Earlier today, CMS released data revealing financial ties between physicians and other sectors of the healthcare industry. This August—December 2013 data is now available to the public on CMS’ website and includes 4.4 million transactions amounting to $3.5 billion in payments, involving 546,000 doctors and 1,360 teaching hospitals. The payments disclosed on the website include: consulting fees, speaking fees, research payments, gifts, meals, entertainment, travel, educational items, royalties, honoraria, and charitable contributions.
The release of this data was mandated by the Physician Payment Sunshine Act, part of the Patient Protection and Affordable Care Act, which aims to improve transparency of financial relationships and expose conflicts of interest between physicians and the health care industry. Rules were promulgated requiring manufacturers to disclose certain payments and items of value given to physicians and teaching hospitals.

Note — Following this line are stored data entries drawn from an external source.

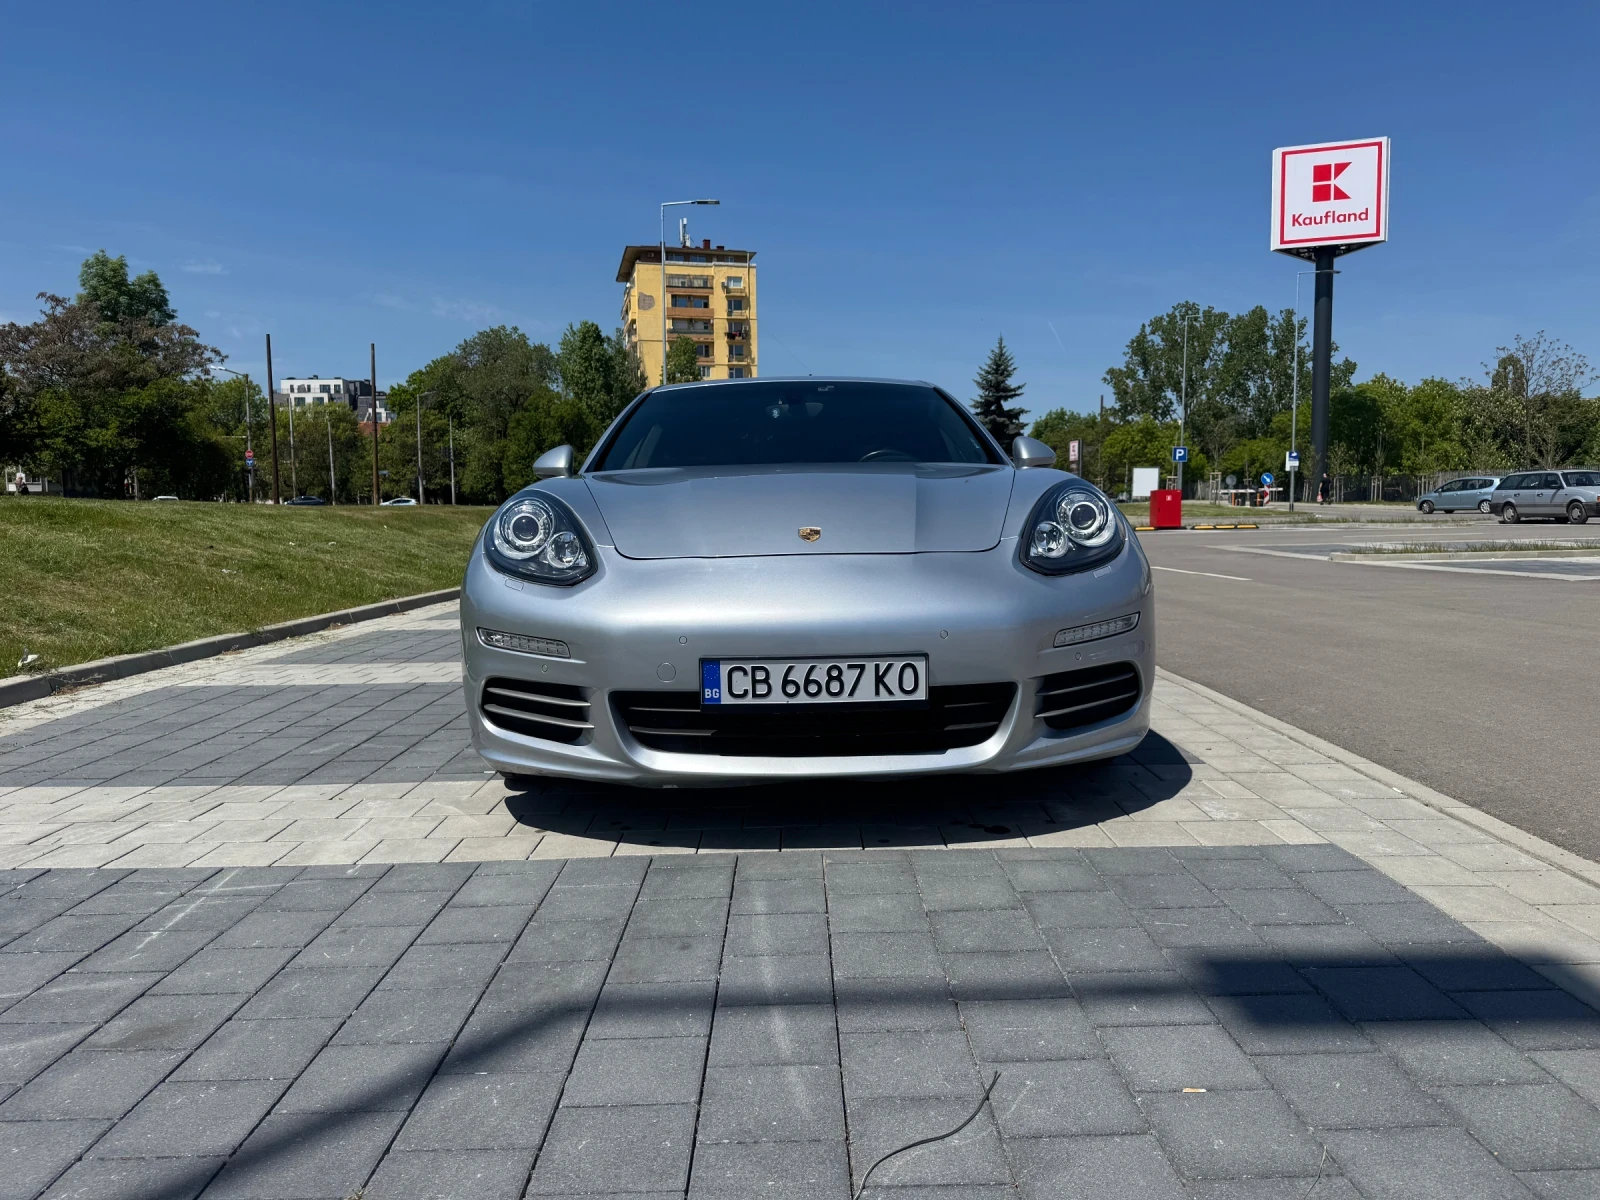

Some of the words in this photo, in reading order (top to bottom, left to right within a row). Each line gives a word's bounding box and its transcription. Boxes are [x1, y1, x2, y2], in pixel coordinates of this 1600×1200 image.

[1312, 161, 1352, 202] K
[1291, 207, 1369, 227] Kaufland
[1176, 449, 1184, 460] P
[727, 665, 772, 699] CB
[781, 664, 866, 698] 6687
[874, 662, 919, 697] KO
[704, 688, 720, 698] BG

Starting August 1, 2013, drug and device manufacturers have been required to track all of the following: any “transfer of value” of $10 or more to physicians; transfers of value under $10 that add up to more than $100 a year; and physicians’ ownership stakes in drug and device companies. Once reported to CMS, physicians have the opportunity to review and challenge these disclosures.

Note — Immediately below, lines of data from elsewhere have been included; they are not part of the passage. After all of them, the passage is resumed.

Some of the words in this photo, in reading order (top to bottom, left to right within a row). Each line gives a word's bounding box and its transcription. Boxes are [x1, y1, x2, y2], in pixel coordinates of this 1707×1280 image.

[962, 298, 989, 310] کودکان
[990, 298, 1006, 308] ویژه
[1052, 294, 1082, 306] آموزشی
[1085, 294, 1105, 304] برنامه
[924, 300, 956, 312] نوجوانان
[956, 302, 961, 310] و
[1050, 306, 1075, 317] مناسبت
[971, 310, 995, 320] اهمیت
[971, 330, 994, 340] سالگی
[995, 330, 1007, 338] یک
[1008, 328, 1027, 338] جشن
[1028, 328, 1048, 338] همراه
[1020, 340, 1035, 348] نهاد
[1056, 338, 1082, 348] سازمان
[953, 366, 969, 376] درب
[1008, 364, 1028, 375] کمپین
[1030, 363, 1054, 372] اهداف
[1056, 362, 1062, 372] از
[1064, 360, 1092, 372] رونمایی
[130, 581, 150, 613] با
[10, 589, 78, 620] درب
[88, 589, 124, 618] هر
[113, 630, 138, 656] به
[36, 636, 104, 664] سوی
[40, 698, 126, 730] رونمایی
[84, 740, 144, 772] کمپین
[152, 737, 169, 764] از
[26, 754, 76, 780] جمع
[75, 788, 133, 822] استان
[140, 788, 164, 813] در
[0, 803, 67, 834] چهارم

Industry and physician groups have criticized this first data release, stating that it raises more questions than answers. Before the data was released, life science trade associations sent a letter to CMS Administrator Marilyn Tavenner expressing concern that the data will be misleading since the public will not understand the context of payments. In August, the American Medical Association requested a delay in the release, stating that physicians were not provided adequate time to confirm the accuracy of the reported payments. CMS ultimately decided to withhold about one-third of reported payments due to suspected inaccuracies.
The press has also been critical of CMS’ data. Although the goal of the release is increased transparency, the website is not user-friendly. The Wall Street Journal summarizes the problems: there is no search box; there are multiple databases; there are no bottom-line numbers; the chart has numerous columns, making it difficult to peruse. In spite of these shortcomings, various news outlets and organizations, including Policy & Medicine, have analyzed and aggregated the data for the public.
The next release of data covering the 2014 calendar year will occur in the summer of 2015. In the meantime, we will be watching to see if this new transparency leads to any changes in the relationships between physicians and drug and device manufacturers.